Problem description:
Reproduce exactly the line with "this 1600×1200 image." and the lines after it. Stop at the last line of the data and include nothing else.

Data for this task:
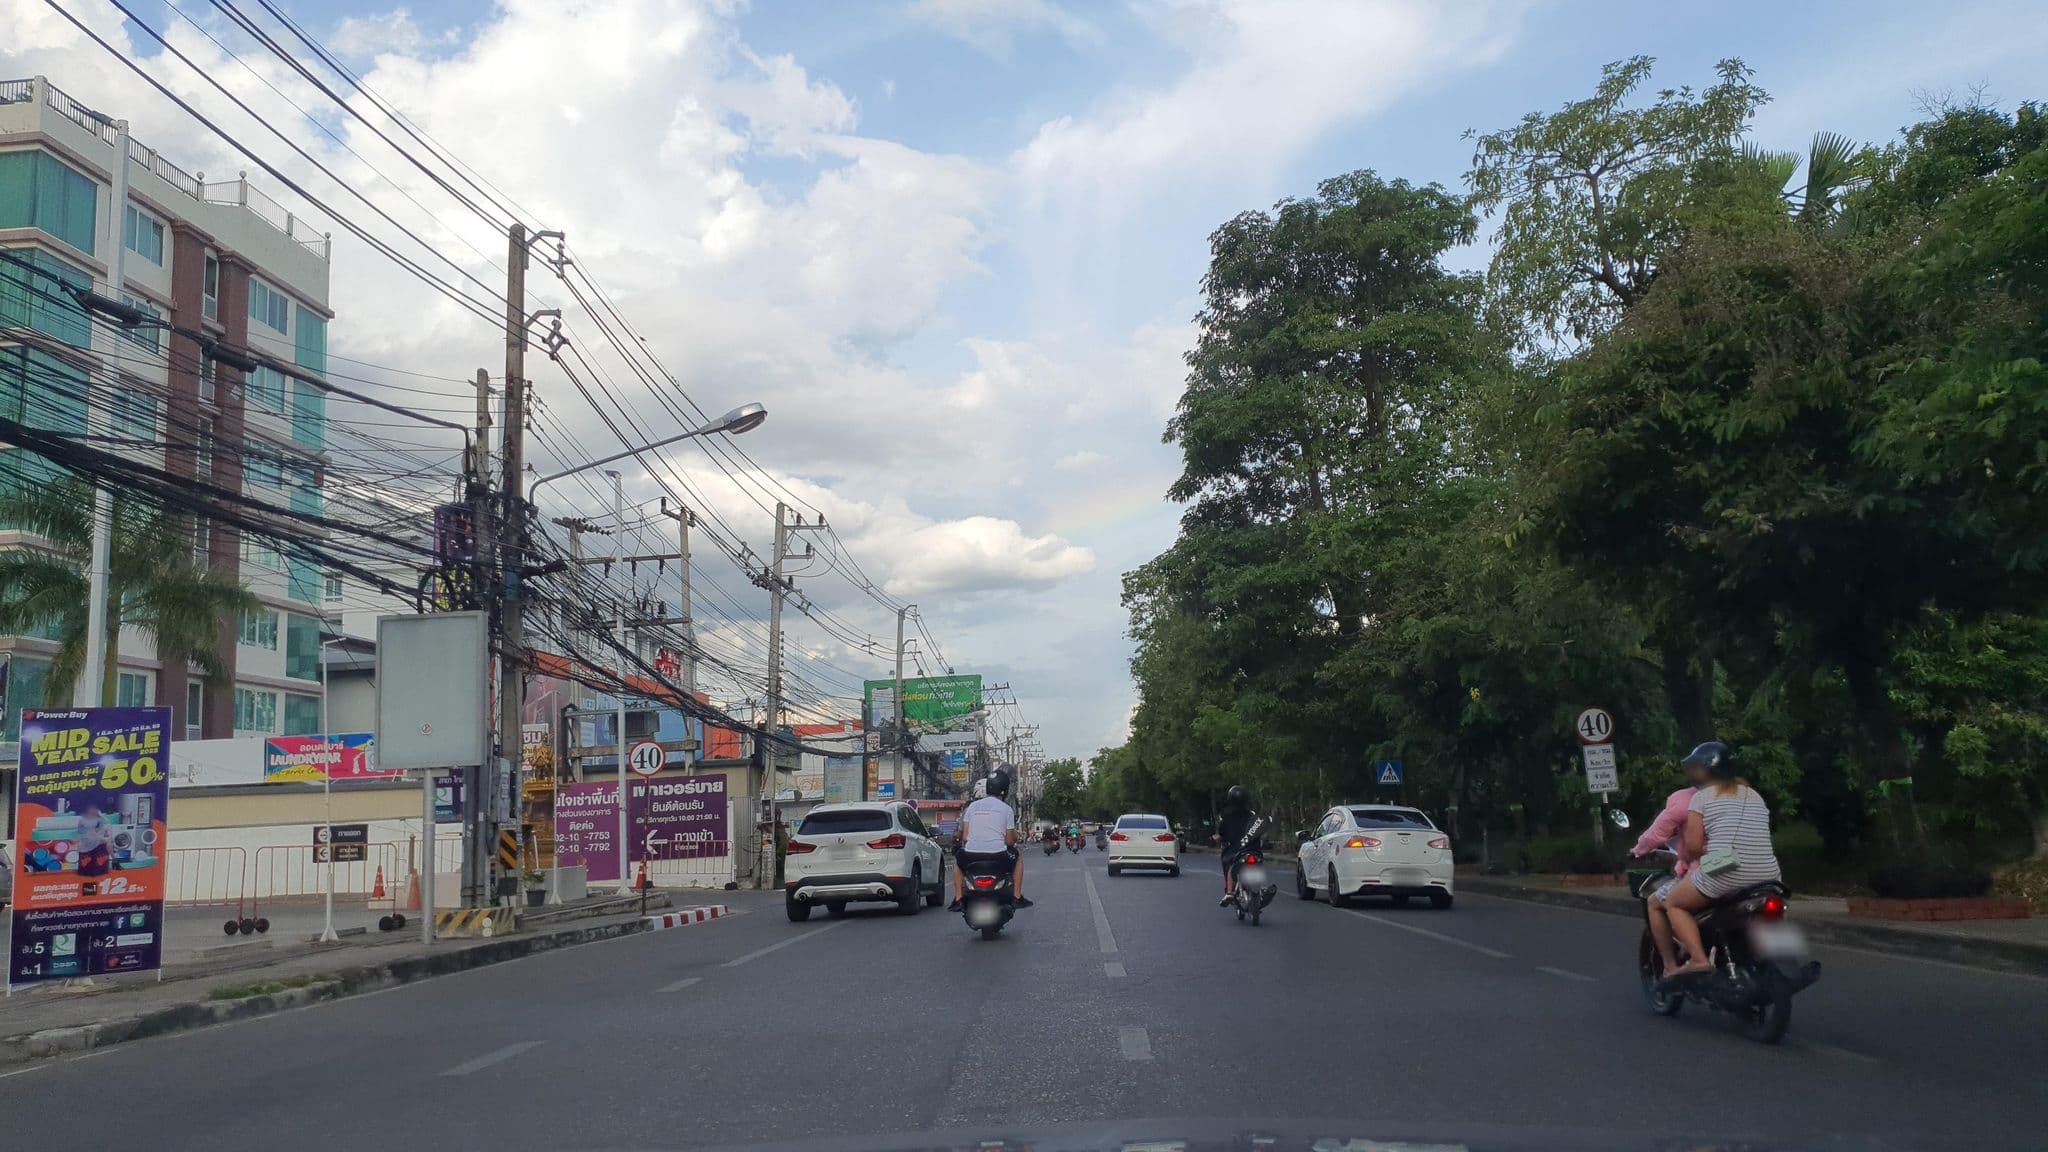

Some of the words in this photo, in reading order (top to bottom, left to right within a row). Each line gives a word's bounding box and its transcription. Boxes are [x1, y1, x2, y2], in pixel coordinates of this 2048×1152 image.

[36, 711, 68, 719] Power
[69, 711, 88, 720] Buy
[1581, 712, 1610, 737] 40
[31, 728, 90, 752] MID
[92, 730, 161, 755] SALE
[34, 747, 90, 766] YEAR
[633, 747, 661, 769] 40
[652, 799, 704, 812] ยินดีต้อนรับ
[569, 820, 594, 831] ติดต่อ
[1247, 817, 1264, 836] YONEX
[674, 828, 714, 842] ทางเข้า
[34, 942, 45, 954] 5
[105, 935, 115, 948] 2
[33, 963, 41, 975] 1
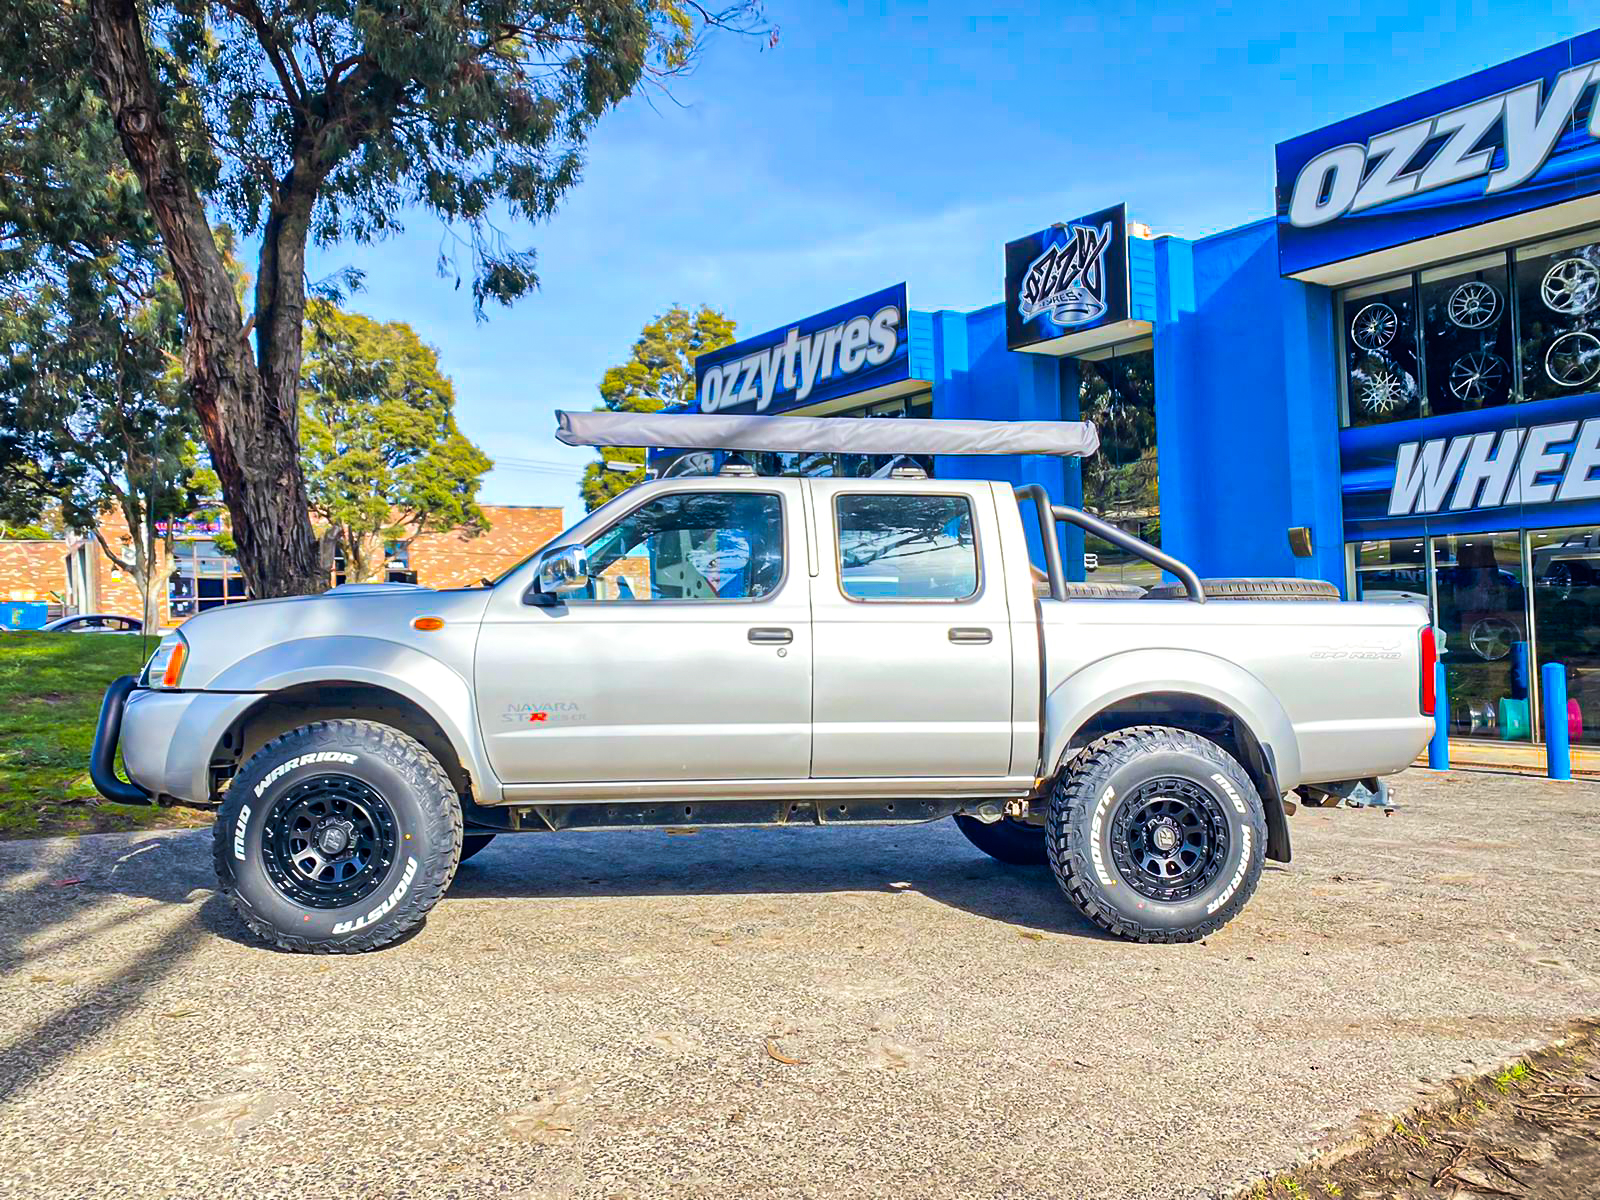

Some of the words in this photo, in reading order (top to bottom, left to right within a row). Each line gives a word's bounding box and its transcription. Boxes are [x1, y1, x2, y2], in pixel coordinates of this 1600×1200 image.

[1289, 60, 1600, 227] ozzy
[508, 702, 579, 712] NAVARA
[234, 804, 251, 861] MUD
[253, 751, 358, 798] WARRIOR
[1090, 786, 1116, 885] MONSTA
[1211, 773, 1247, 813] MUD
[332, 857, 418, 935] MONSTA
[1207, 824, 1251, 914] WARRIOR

Result for this task:
Some of the words in this photo, in reading order (top to bottom, left to right within a row). Each line gives a word's bounding box and its transcription. Boxes are [x1, y1, x2, y2], in pixel coordinates of this 1600×1200 image.

[1289, 60, 1600, 227] ozzy
[508, 702, 579, 712] NAVARA
[234, 804, 251, 861] MUD
[253, 751, 358, 798] WARRIOR
[1090, 786, 1116, 885] MONSTA
[1211, 773, 1247, 813] MUD
[332, 857, 418, 935] MONSTA
[1207, 824, 1251, 914] WARRIOR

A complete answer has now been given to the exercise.